Elsy puso el dibujo de Erica en el baúl con mucho cuidado. Tore estaba con las niñas en el barco y, durante unas horas, tendría la casa para ella sola. Solía subir allí. A sentarse un rato y a reflexionar sobre lo que había sido y lo que era.
La vida había resultado tan diferente de como ella la había imaginado. Sacó los cuadernos azules de los diarios y acarició distraída la portada de uno de ellos con la yema de los dedos. Era tan joven entonces. Tan ingenua. Cuánto dolor habría podido ahorrarse de haber sabido antaño lo que sabía hoy. Que uno no podía permitirse amar demasiado. El precio era demasiado alto, y por eso pagaba ella todavía por la única vez en que amó de más. Pero había mantenido la promesa que se hizo entonces: no volver a querer así nunca.

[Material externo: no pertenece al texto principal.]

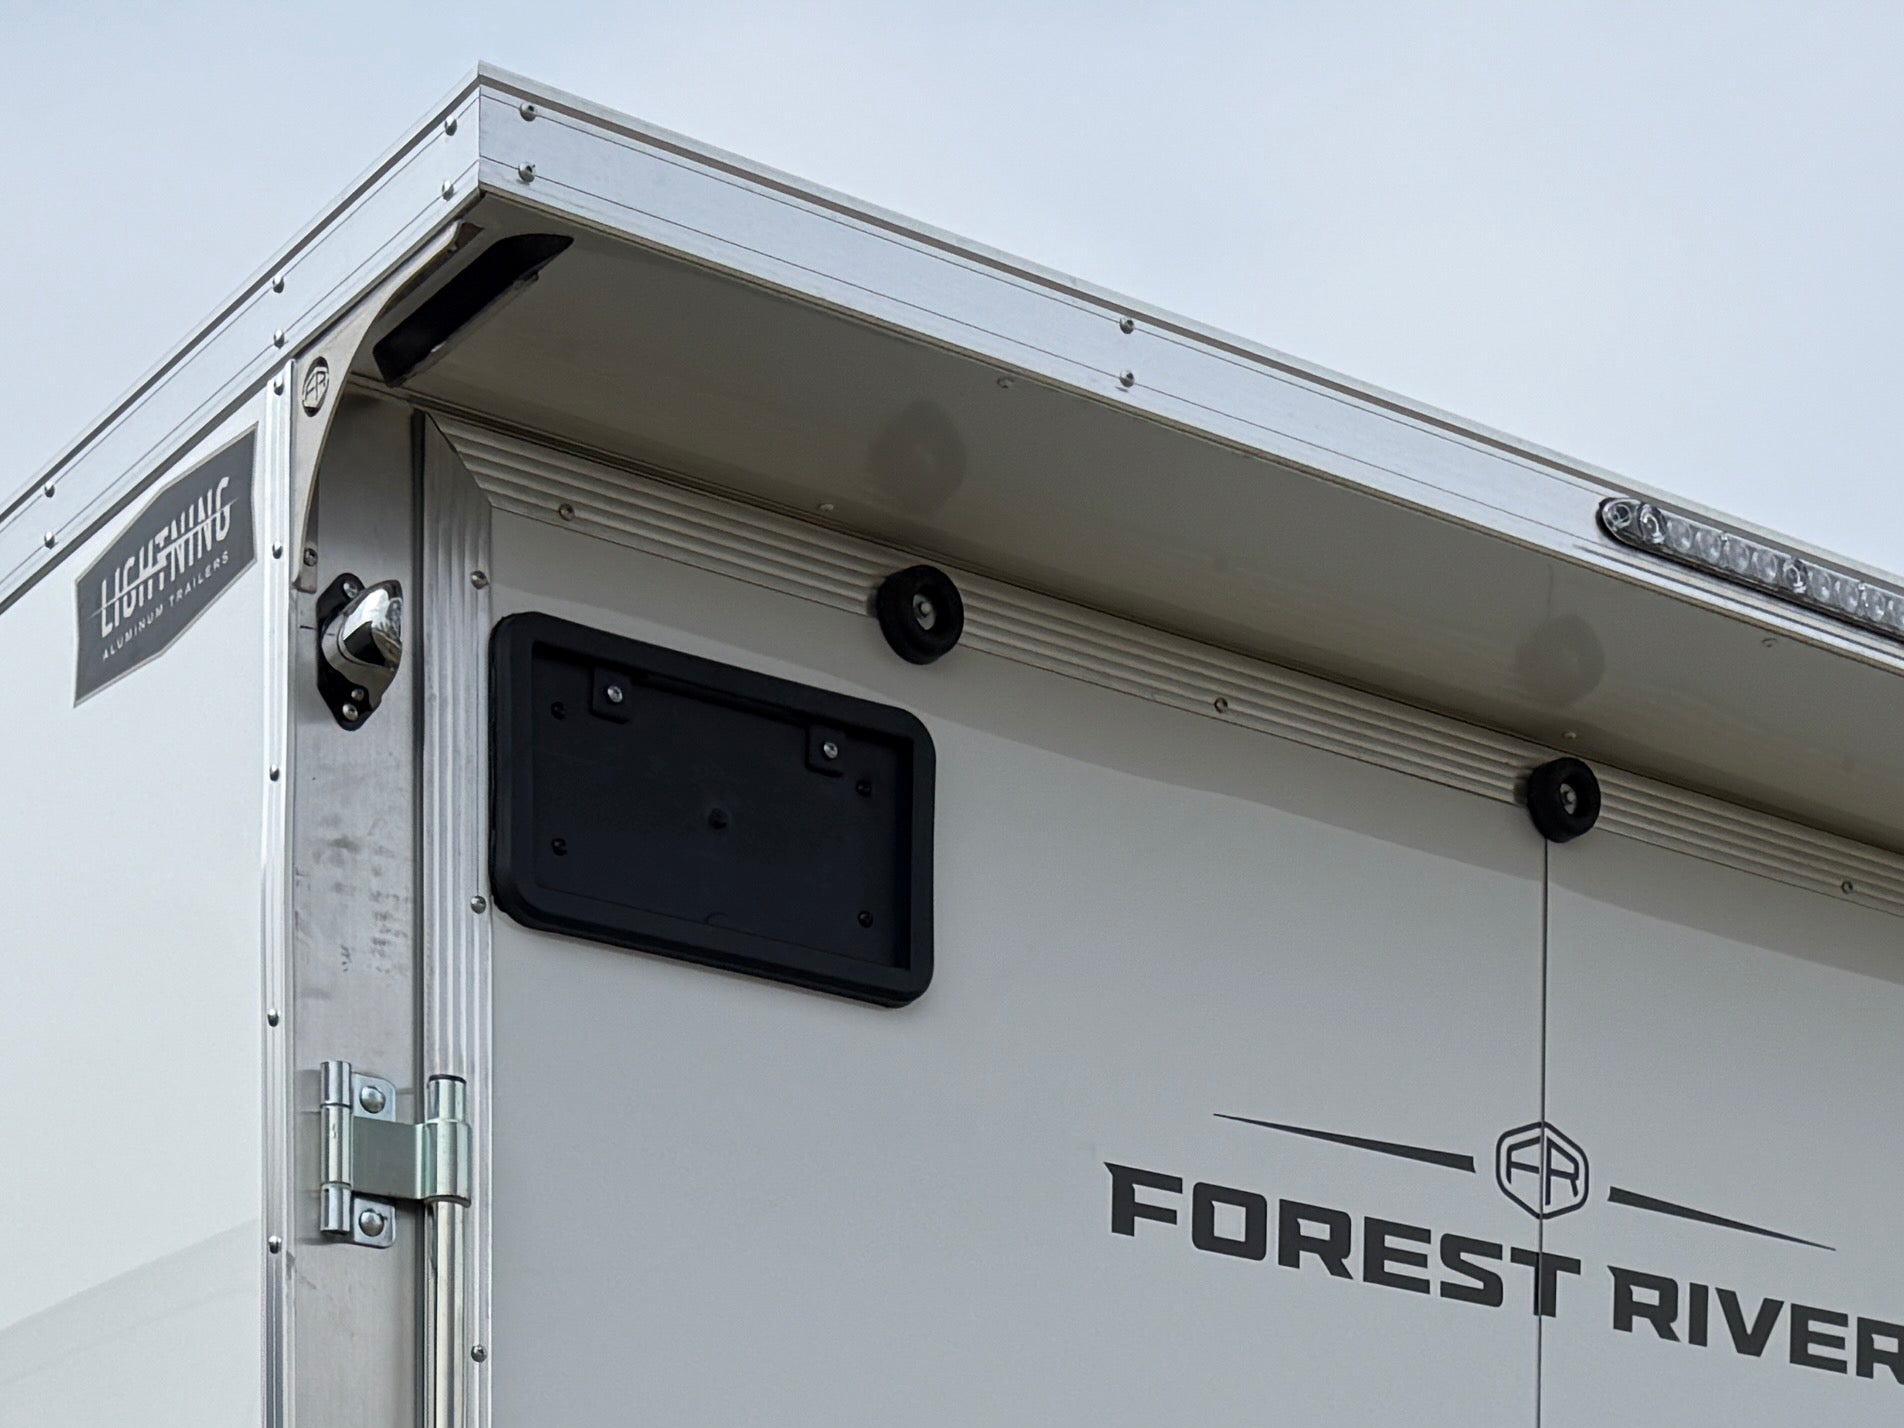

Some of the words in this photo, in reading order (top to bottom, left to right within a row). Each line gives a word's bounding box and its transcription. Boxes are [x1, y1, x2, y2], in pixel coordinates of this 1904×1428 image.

[100, 476, 231, 639] LIGHTNING
[102, 606, 163, 661] ALUMINUM
[169, 550, 230, 607] TRAILERS
[1103, 1161, 1582, 1318] FOREST

Claro que a veces se sentía tentada a ceder, a permitir una vez más que alguien entrase en su corazón. Cuando miraba a sus dos hijas rubias, sus caritas anhelantes vueltas hacia ella. Detectaba en ambas una especie de hambre de algo que esperaban que ella les diera, pero que era incapaz de dar. Sobre todo a Erica. Ella lo necesitaba más que Anna. A veces la sorprendía mirándola con una expresión de amor no correspondido, inquietante en una niña. Y una parte de Elsy deseaba romper su promesa, acercarse y abrazar a su hija y sentir sus corazones latiendo al unísono. Pero algo se lo impedía siempre. En el último minuto, antes de levantarse, antes de abrazar a su hija, sentía siempre el tacto de aquel cuerpo pequeño y cálido en sus brazos. Su mirada totalmente nueva cuando alzó la vista hacia ella, tan parecido a Hans, tan parecido a ella. Un fruto del amor que Elsy creyó que podrían cuidar juntos. Sin embargo, tuvo que alumbrarlo sola en una habitación llena de extraños, sentirlo salir deslizándose de su cuerpo y luego de sus brazos, cuando se lo llevaron con otra madre de la que ella nada sabía.

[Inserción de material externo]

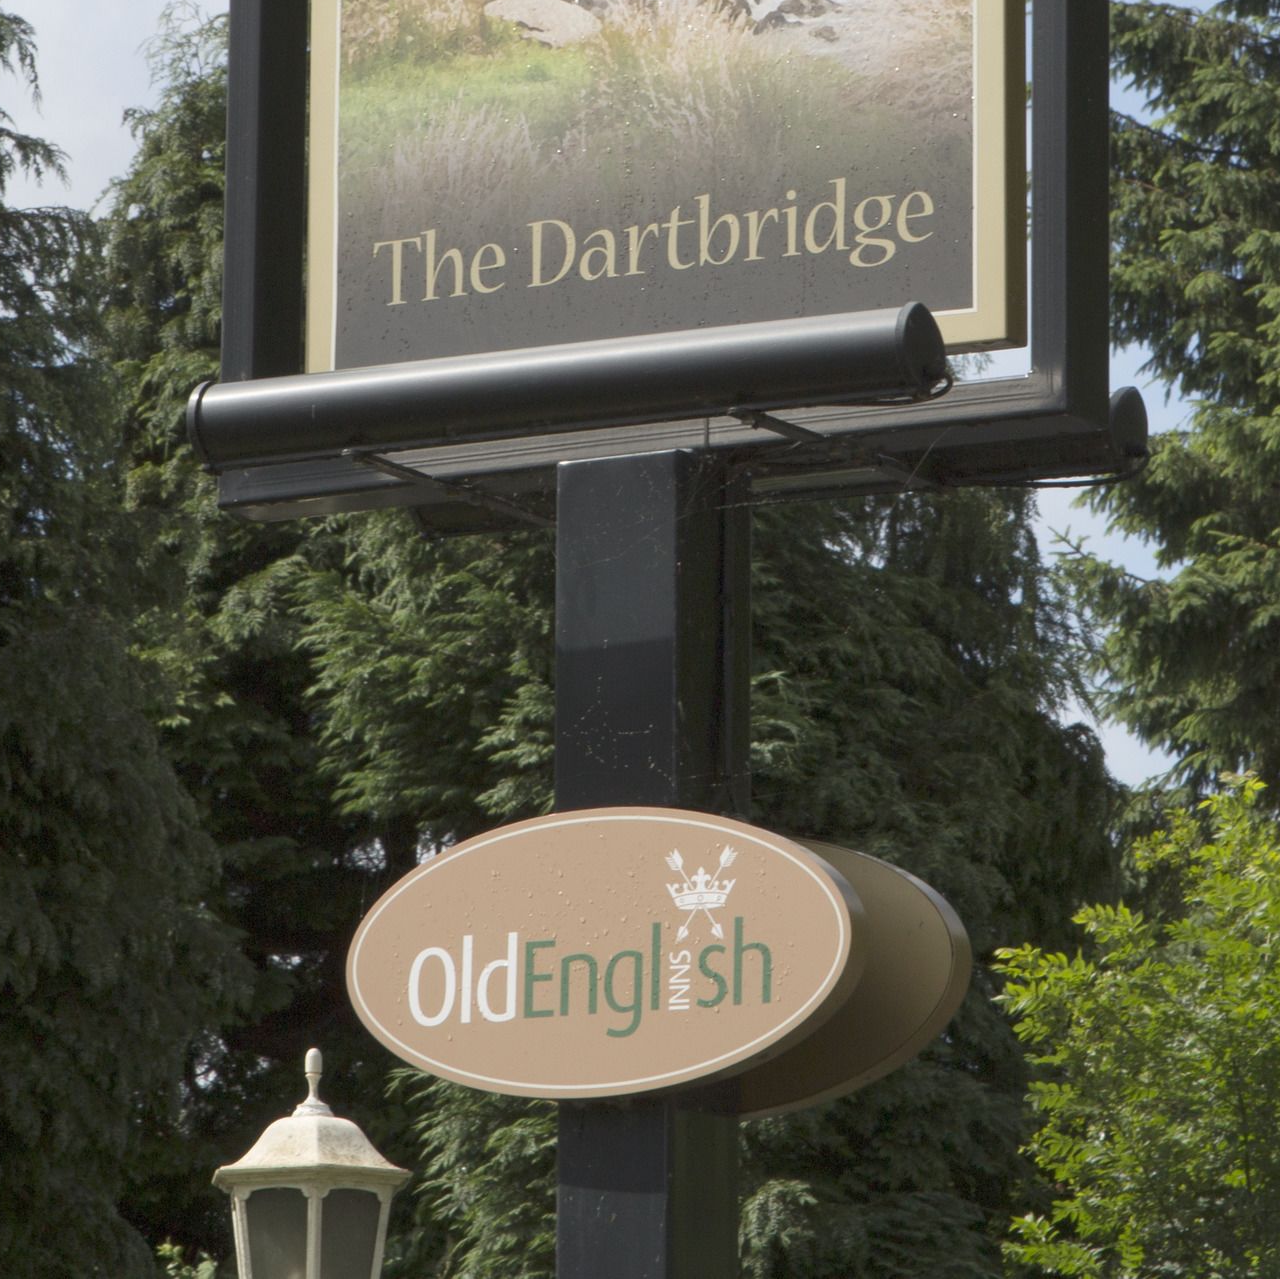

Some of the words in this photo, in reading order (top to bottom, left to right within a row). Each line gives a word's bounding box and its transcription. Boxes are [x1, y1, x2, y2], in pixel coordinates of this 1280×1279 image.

[373, 229, 507, 307] The
[526, 178, 936, 288] Dartbridge
[667, 949, 691, 1011] INNS

Elsy alargó el brazo hacia el baúl y cogió la camisita de bebé. Las manchas de su sangre se habían aclarado con los años y parecían de óxido. Se llevó la camisita a la nariz, la olió para comprobar si aún percibía algún resto de su aroma, aquel perfume dulce y cálido que tenía cuando lo cogió en brazos. Pero no notaba nada. Sólo el olor a viejo, a moho. También el olor del baúl había eliminado el aroma del niño, y ya no lo notaba.
En alguna ocasión se le ocurrió la idea de buscar su pista. Al menos para asegurarse de que estaba bien. Pero nunca pasó de ser una idea. Exactamente igual que nunca pasaba de la idea de levantarse, acercarse a sus hijas y abrazarlas, y liberarse de la promesa de mantener hermético el corazón.

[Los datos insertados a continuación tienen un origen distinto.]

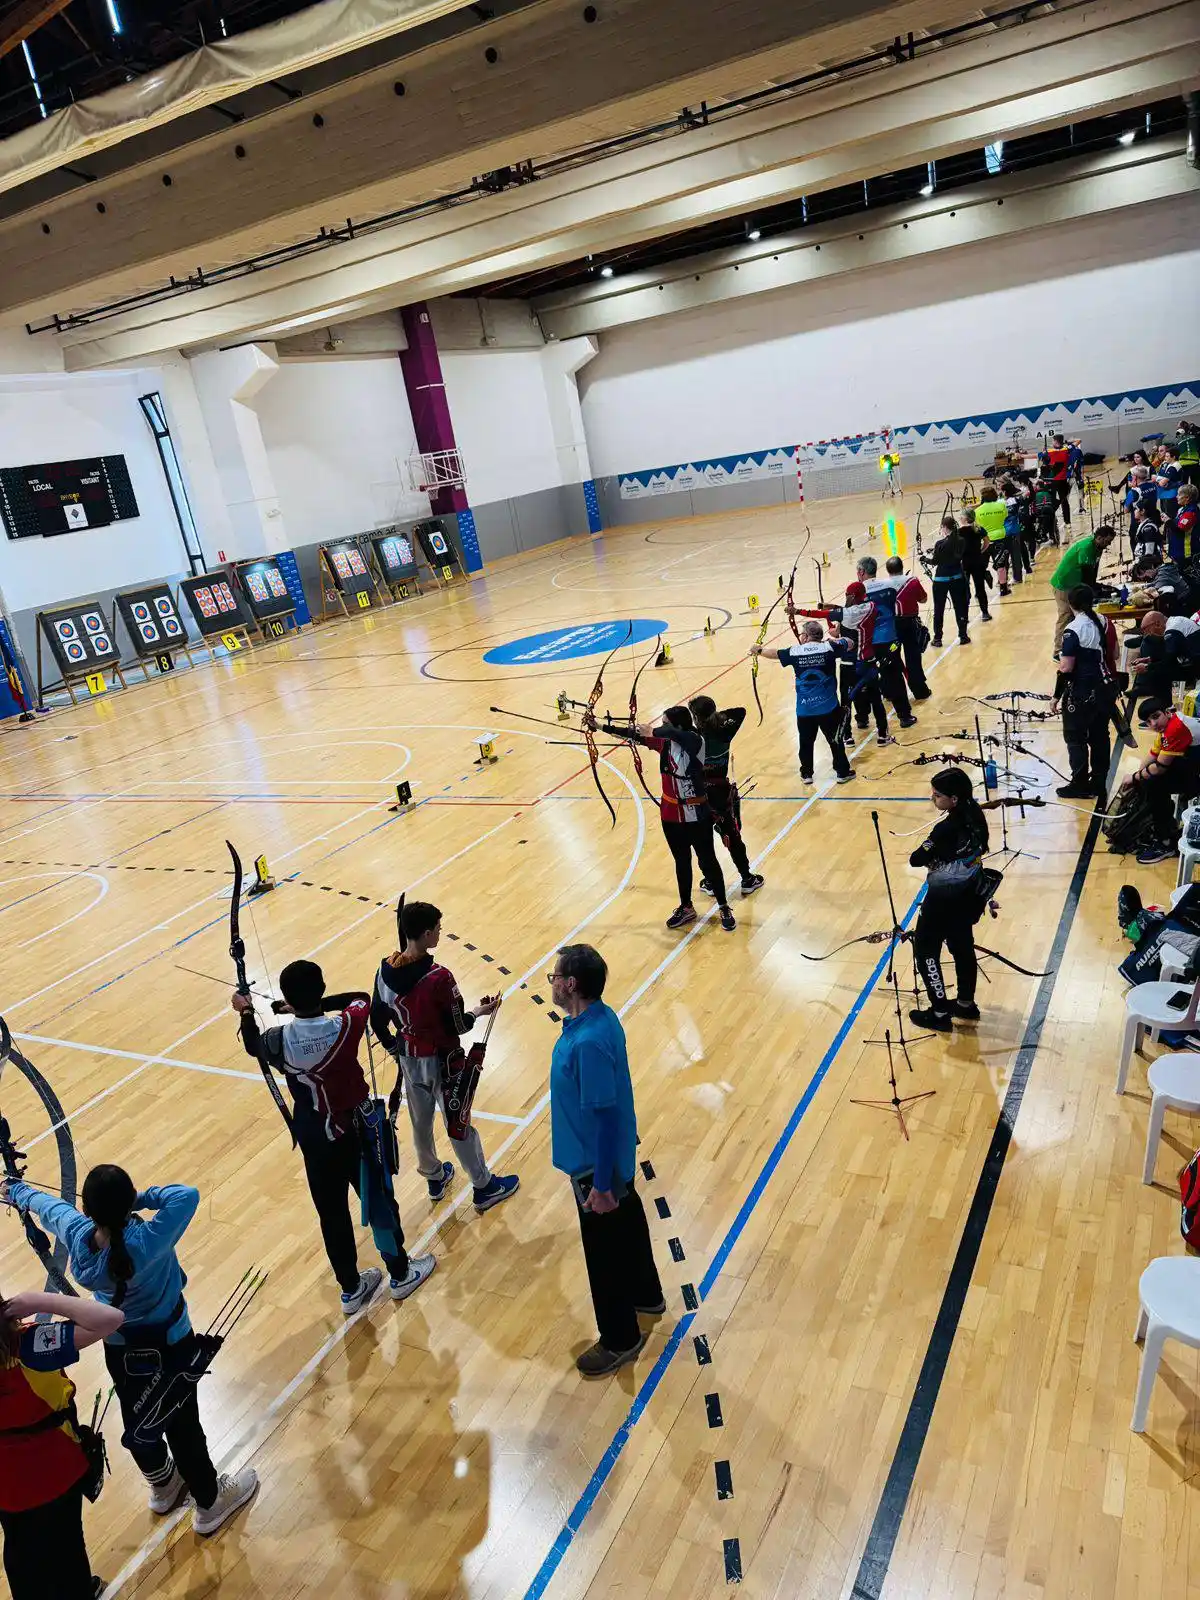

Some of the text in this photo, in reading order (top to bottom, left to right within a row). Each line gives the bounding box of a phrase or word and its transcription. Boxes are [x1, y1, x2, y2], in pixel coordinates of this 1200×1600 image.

[79, 476, 100, 485] VISITANT
[33, 483, 54, 492] LOCAL
[399, 585, 409, 597] 12
[359, 593, 368, 606] 11
[273, 622, 284, 636] 10
[227, 636, 236, 648] 9
[161, 656, 170, 671] 8
[91, 676, 100, 691] 7
[925, 958, 944, 1000] adidas

Cogió la medalla que estaba en el fondo del arca y la sopesó en la mano. La encontró el día en que registró la habitación de Hans, antes de ir a dar a luz a su hijo. Cuando ella aún creía que había esperanza y que entre sus pertenencias encontraría una explicación lógica de por qué jamás regresó con ella y con el niño. Pero lo único que encontró, aparte de algo de ropa, fue la medalla. No sabía qué significaba, ni sabía dónde la habría encontrado Hans ni qué papel habría desempeñado en su vida. Pero ella tenía el presentimiento de que era importante, por eso la conservó. Con mucho mimo, envolvió la medalla en la camisita y colocó de nuevo el paquetito en el arca. Devolvió también los diarios y el dibujo que le había dado Erica aquella mañana. Porque aquello era lo único que se sentía capaz de dar a sus hijas, un rato de amor cuando se encontraba a solas con sus recuerdos. Entonces sí era capaz de pensar en ellas no sólo con la cabeza, sino también con el corazón. Sin embargo, en cuanto la miraban con esos ojos hambrientos, se le cerraba otra vez aterrado.
Porque quien no ama, tampoco se arriesga a perder.